## Exercise directions
In the records below, find the line containing "this 1200×1600 image." and restate it and all lines after it exactly, through the last line.

━━━━━ Data supplied ━━━━━

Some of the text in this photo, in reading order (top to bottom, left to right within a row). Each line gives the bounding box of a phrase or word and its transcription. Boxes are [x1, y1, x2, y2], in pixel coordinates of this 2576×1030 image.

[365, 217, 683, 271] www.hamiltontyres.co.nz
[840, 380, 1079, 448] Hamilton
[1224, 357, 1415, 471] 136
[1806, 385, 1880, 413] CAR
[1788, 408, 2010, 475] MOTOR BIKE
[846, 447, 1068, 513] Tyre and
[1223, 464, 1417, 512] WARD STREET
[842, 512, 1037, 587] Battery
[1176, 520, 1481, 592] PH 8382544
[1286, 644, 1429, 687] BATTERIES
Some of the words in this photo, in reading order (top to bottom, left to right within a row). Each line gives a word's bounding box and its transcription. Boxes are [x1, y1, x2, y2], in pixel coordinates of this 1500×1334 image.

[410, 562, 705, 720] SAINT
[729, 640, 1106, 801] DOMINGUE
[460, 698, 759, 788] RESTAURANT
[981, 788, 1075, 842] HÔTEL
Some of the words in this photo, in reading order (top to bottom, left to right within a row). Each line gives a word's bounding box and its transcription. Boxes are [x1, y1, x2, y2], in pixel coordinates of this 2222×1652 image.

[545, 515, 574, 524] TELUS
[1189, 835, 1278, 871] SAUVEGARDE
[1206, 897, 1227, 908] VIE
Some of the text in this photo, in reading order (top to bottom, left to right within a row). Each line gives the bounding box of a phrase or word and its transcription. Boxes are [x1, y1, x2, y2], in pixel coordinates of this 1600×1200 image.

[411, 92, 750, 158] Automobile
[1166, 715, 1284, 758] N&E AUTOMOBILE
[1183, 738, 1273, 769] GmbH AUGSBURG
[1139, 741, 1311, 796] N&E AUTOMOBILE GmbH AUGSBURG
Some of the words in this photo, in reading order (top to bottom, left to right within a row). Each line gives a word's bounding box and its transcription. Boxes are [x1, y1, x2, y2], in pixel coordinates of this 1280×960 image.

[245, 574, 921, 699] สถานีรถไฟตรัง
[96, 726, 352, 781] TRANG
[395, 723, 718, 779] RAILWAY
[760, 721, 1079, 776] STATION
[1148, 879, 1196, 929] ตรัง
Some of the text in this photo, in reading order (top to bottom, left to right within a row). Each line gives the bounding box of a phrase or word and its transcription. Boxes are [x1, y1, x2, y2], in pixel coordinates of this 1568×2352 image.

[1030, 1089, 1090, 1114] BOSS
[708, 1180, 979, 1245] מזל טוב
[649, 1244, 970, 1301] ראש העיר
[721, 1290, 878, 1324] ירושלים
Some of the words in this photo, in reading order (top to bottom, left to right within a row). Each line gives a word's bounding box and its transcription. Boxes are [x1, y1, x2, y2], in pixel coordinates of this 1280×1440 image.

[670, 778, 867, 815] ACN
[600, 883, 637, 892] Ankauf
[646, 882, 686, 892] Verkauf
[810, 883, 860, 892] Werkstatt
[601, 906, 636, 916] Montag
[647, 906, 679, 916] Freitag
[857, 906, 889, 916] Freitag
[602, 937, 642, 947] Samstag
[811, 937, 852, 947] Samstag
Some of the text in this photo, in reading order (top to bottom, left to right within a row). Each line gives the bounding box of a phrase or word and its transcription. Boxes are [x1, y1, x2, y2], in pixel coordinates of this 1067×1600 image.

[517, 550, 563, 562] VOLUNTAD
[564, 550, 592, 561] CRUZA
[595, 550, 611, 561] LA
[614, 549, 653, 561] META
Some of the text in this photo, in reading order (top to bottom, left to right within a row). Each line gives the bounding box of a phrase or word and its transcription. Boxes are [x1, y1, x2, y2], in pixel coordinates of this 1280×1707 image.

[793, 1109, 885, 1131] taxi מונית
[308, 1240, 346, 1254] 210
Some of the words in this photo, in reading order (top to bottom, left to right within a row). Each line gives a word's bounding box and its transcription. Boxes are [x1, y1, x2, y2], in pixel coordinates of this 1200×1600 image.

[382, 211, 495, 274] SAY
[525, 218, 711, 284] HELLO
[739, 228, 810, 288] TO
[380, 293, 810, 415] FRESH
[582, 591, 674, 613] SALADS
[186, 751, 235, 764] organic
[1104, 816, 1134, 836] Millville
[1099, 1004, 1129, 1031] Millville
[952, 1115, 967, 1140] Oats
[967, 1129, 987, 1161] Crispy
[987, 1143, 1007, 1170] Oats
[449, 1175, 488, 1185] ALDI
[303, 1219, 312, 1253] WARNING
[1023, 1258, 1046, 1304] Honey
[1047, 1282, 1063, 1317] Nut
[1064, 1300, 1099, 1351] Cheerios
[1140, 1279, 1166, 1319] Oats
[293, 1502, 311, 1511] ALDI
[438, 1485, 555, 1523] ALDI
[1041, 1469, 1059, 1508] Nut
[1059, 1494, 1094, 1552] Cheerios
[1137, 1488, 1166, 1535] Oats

━━━━━

## Solution to this task
Some of the words in this photo, in reading order (top to bottom, left to right within a row). Each line gives a word's bounding box and its transcription. Boxes are [x1, y1, x2, y2], in pixel coordinates of this 1200×1600 image.

[382, 211, 495, 274] SAY
[525, 218, 711, 284] HELLO
[739, 228, 810, 288] TO
[380, 293, 810, 415] FRESH
[582, 591, 674, 613] SALADS
[186, 751, 235, 764] organic
[1104, 816, 1134, 836] Millville
[1099, 1004, 1129, 1031] Millville
[952, 1115, 967, 1140] Oats
[967, 1129, 987, 1161] Crispy
[987, 1143, 1007, 1170] Oats
[449, 1175, 488, 1185] ALDI
[303, 1219, 312, 1253] WARNING
[1023, 1258, 1046, 1304] Honey
[1047, 1282, 1063, 1317] Nut
[1064, 1300, 1099, 1351] Cheerios
[1140, 1279, 1166, 1319] Oats
[293, 1502, 311, 1511] ALDI
[438, 1485, 555, 1523] ALDI
[1041, 1469, 1059, 1508] Nut
[1059, 1494, 1094, 1552] Cheerios
[1137, 1488, 1166, 1535] Oats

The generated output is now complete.